In general, the method presented in this work can be experimentally validated by comparing the activity of the real system with that of the same system after perturbation. Clearly, the suitability of the gene network used to represent the real system would constitute a crucial factor to obtain useful predictions from the method presented in this work. In the proof-of-principle, we studied Apoptosis and other pathways using generic representations provided by KEGG39 and protein-protein interactions40. However, in a future study focused on the frailness of a process like Apoptosis, a more tailored gene network can be considered adding mechanistic details that would better model the real process. In that case, the frailness of Apoptosis, due to a series of different combinations of mutated genes, can be assessed in an in vitro cellular model, comparing the apoptotic process of cells with altered activity (e.g. over expression) of mutated genes with apoptosis of the same cell type without mutations.

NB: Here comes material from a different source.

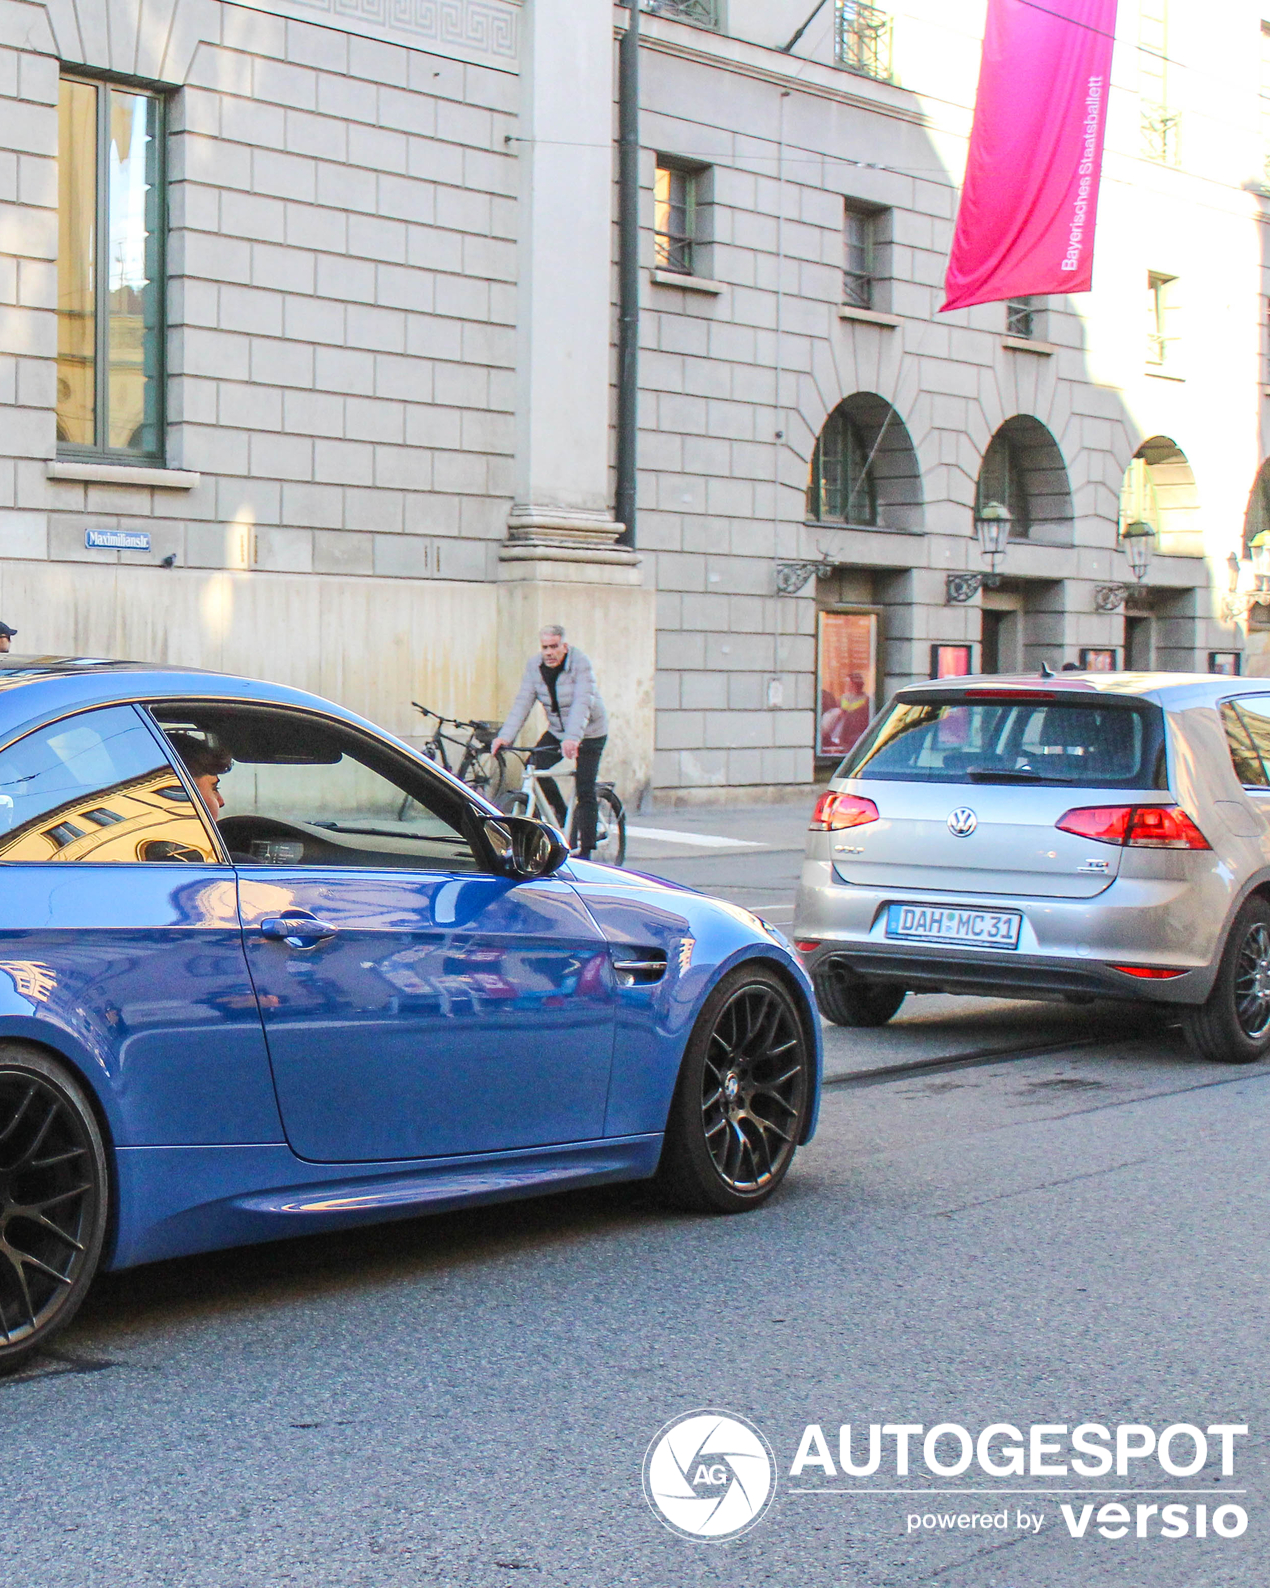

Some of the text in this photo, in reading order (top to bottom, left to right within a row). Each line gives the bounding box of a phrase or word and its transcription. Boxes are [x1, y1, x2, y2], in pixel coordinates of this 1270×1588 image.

[1061, 75, 1104, 271] Bayerisches Staatsballett
[89, 531, 149, 548] Maximilianstr.
[901, 908, 1013, 940] DAH MC 31

The proposed method, even if with important formal differences, presents in principle a strong link to classical control theory because the pME represents a framework where it is reasonable to investigate which distributions of query nodes lead to a macroscopic change of state and which not. Such approach would allow to characterize the frail query nodes combinations as the ones easily leading the network to a macroscopic change of state. In terms of biological applications these concepts translate for example to the definition of the sets of molecular alterations that lead to a final state that is critical for the network information flow, therefore likely to be associated with a given disease. The formal definition, the development, and the applications of a perturbation-based network control model is left to future work.

Conclusion

In this work we defined a new approach to the quantification of frailness and resilience of complex networks based on a perturbed master equation. The application of the pME to both synthetic and real data, showed that frailness depends on the position of the alterations on the network more than on their amount, unlike most traditional enrichment scores. In particular low-degree alterations play an important role in causing high frailness measures. In this perspective, considering breast cancer samples, we observed the key role of marginal alterations such as as growth factors in determining frailness, together with other well known frequently mutated genes. The potential applicability of the proposed method is wide and suggests future development in the control theory context.